Each entry below must be given again word for word, with no pictures.

▬▬▬▬▬▬▬▬▬▬

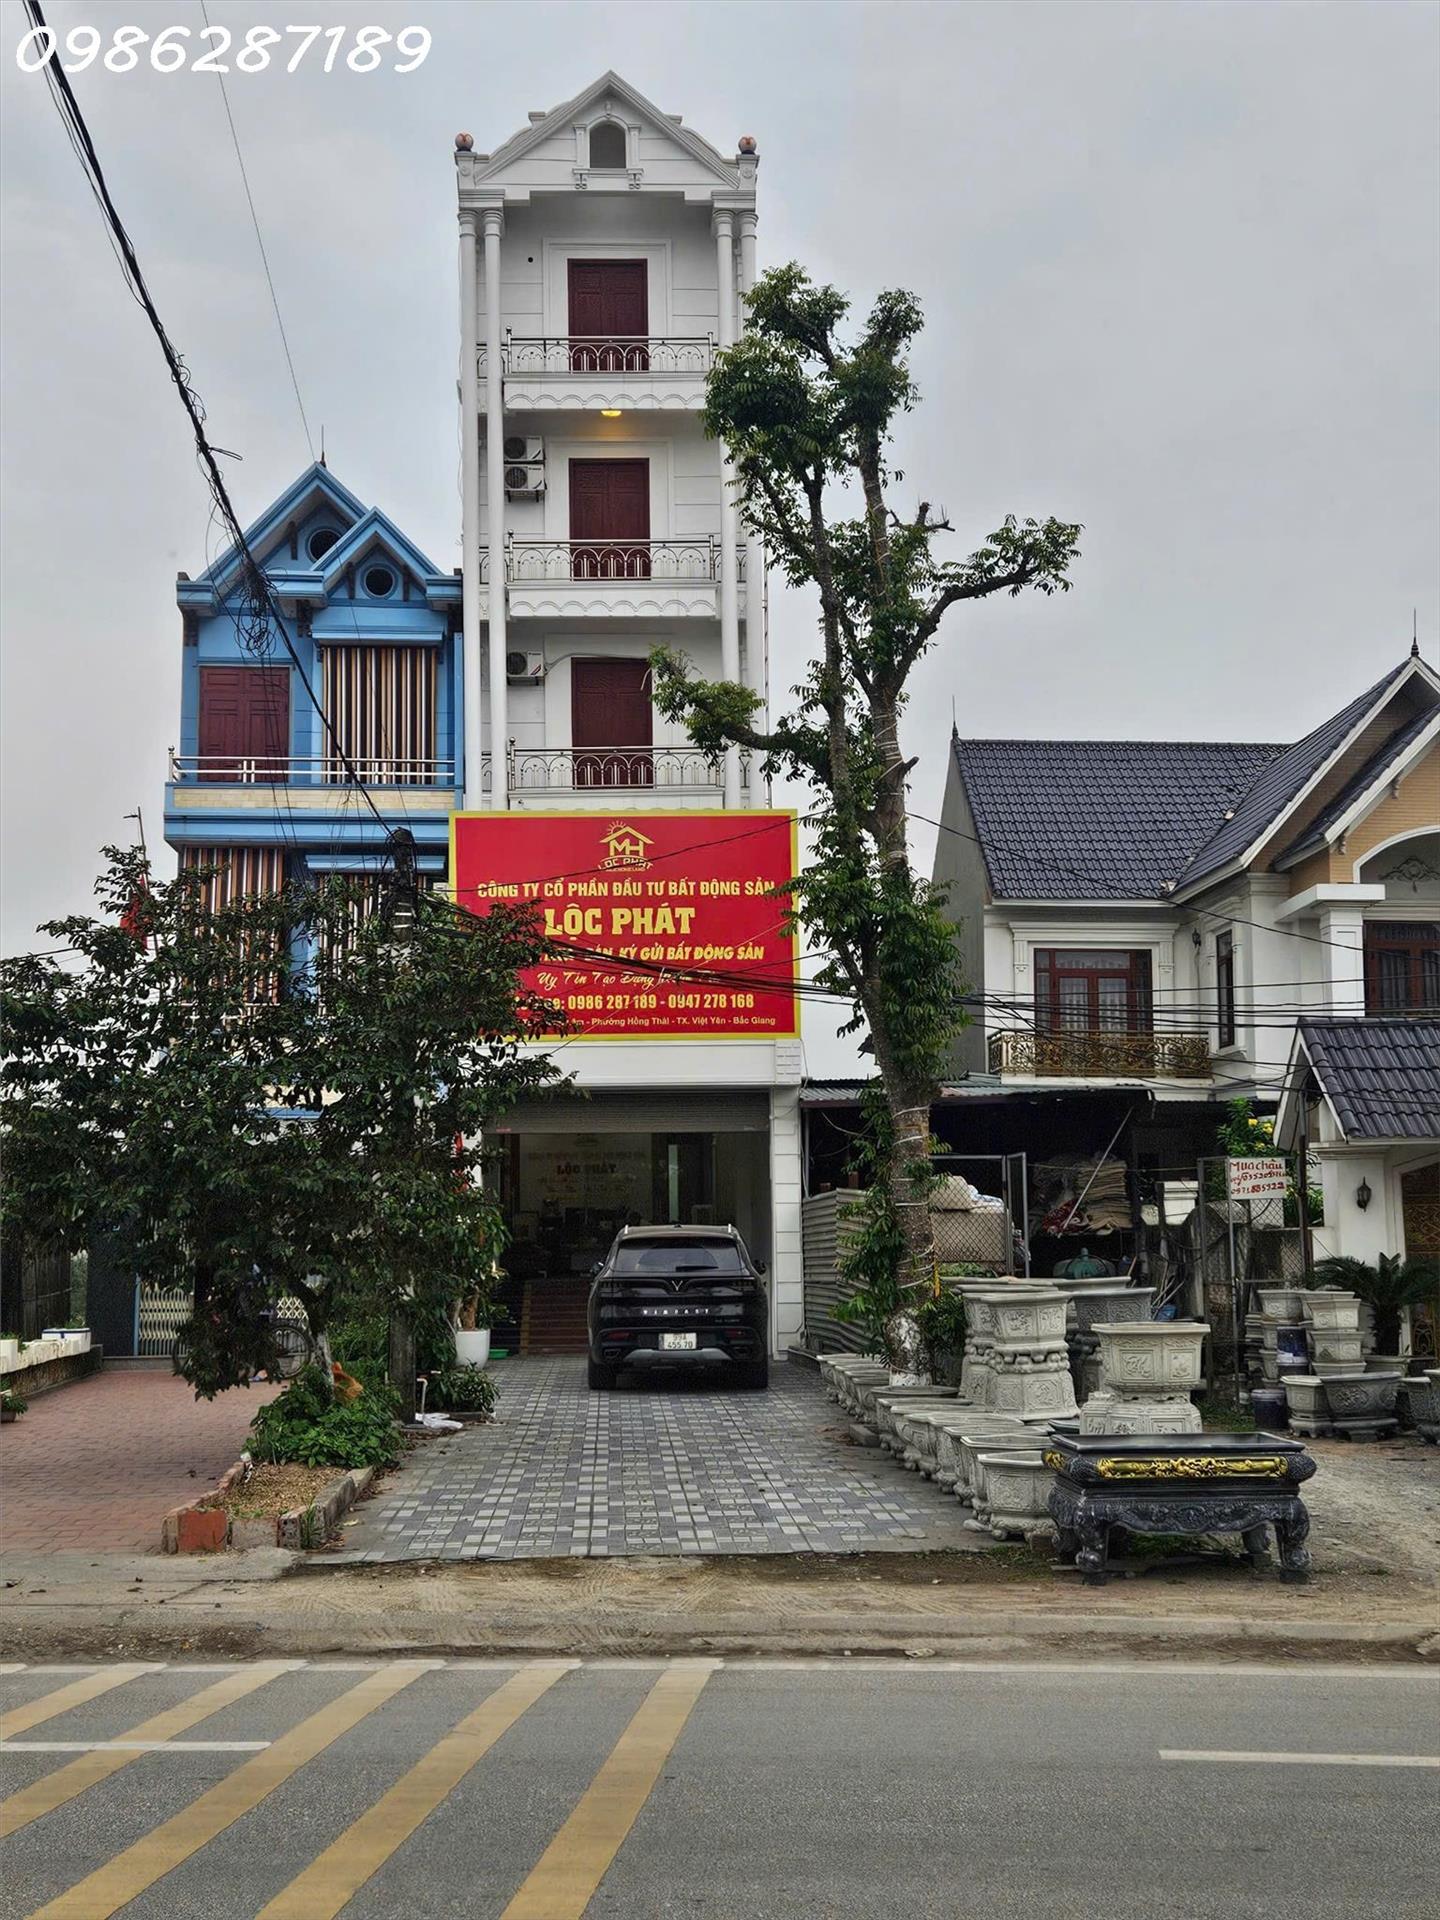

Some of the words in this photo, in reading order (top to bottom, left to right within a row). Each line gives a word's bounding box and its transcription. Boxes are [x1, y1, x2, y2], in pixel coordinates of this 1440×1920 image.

[477, 880, 518, 898] CÔNG
[522, 882, 540, 897] TY
[543, 877, 564, 897] CỔ
[567, 877, 609, 897] PHẦN
[612, 877, 642, 897] ĐẦU
[646, 880, 665, 896] TƯ
[668, 876, 696, 896] BẤT
[700, 878, 741, 899] ĐỘNG
[744, 876, 775, 896] SẢN
[544, 902, 602, 940] LỘC
[611, 902, 696, 935] PHÁT
[640, 942, 664, 960] GỬI
[667, 941, 692, 960] BẤT
[737, 942, 764, 960] SẢN
[568, 995, 603, 1010] 0986
[607, 995, 630, 1009] 287
[633, 994, 657, 1009] 189
[668, 994, 701, 1009] 0947
[703, 994, 727, 1009] 278
[730, 994, 754, 1009] 168
[591, 1018, 626, 1027] Phường
[627, 1016, 650, 1027] Hồng
[692, 1016, 708, 1026] Việt
[710, 1017, 726, 1025] Yên
[733, 1015, 749, 1025] Bắc
[751, 1016, 776, 1026] Giang
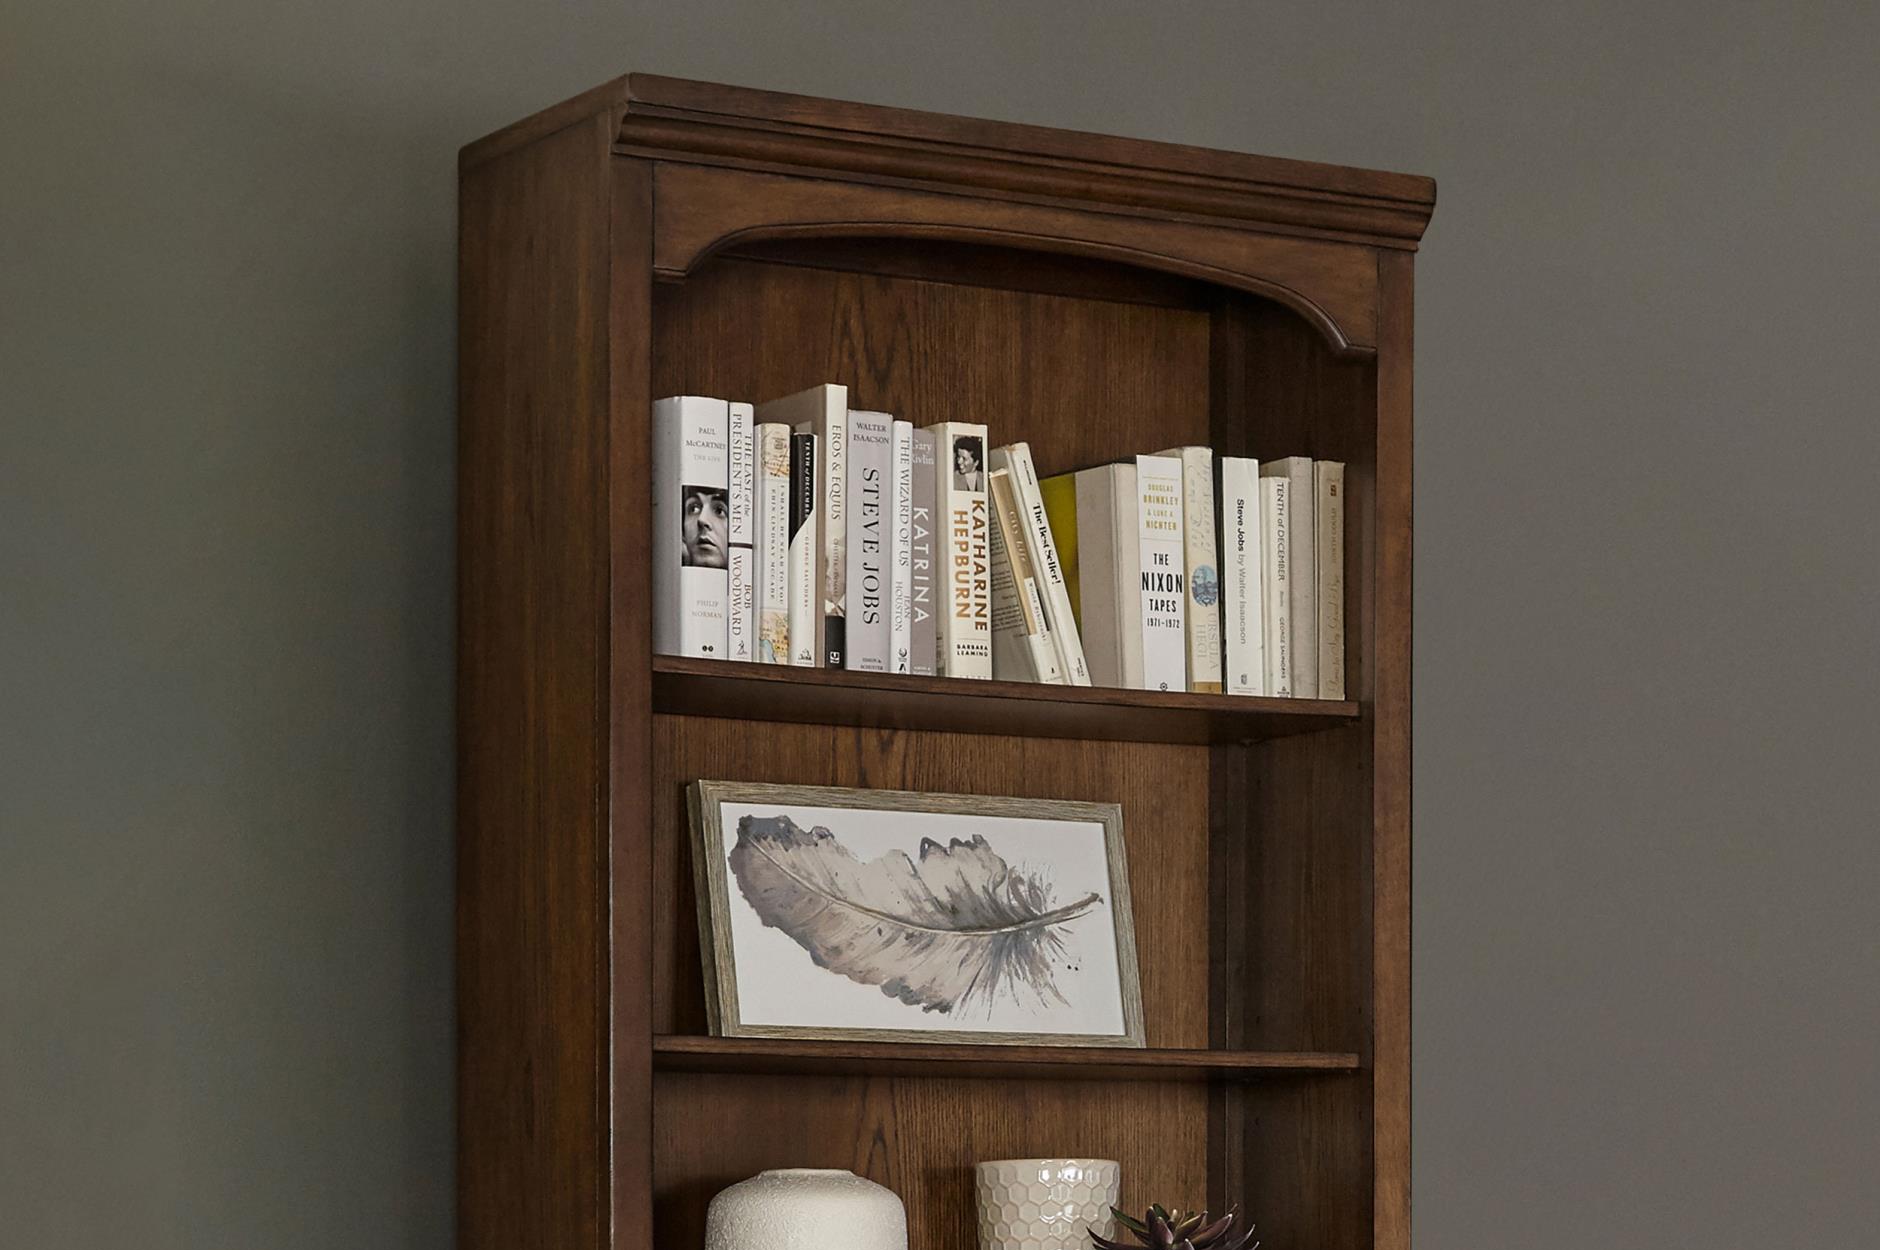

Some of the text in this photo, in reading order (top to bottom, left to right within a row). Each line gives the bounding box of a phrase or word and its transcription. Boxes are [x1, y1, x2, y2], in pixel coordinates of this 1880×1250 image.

▬▬▬▬▬▬▬▬▬▬

(EXERCISE OUTPUT)
Some of the words in this photo, in reading order (top to bottom, left to right within a row). Each line gives a word's bounding box and its transcription. Boxes are [x1, y1, x2, y2], in pixel coordinates of this 1440×1920 image.

[477, 880, 518, 898] CÔNG
[522, 882, 540, 897] TY
[543, 877, 564, 897] CỔ
[567, 877, 609, 897] PHẦN
[612, 877, 642, 897] ĐẦU
[646, 880, 665, 896] TƯ
[668, 876, 696, 896] BẤT
[700, 878, 741, 899] ĐỘNG
[744, 876, 775, 896] SẢN
[544, 902, 602, 940] LỘC
[611, 902, 696, 935] PHÁT
[640, 942, 664, 960] GỬI
[667, 941, 692, 960] BẤT
[737, 942, 764, 960] SẢN
[568, 995, 603, 1010] 0986
[607, 995, 630, 1009] 287
[633, 994, 657, 1009] 189
[668, 994, 701, 1009] 0947
[703, 994, 727, 1009] 278
[730, 994, 754, 1009] 168
[591, 1018, 626, 1027] Phường
[627, 1016, 650, 1027] Hồng
[692, 1016, 708, 1026] Việt
[710, 1017, 726, 1025] Yên
[733, 1015, 749, 1025] Bắc
[751, 1016, 776, 1026] Giang

Some of the text in this photo, in reading order (top to bottom, left to right within a row). Each line gives the bounding box of a phrase or word and its transcription. Boxes are [x1, y1, x2, y2], in pixel coordinates of this 1880×1250 image.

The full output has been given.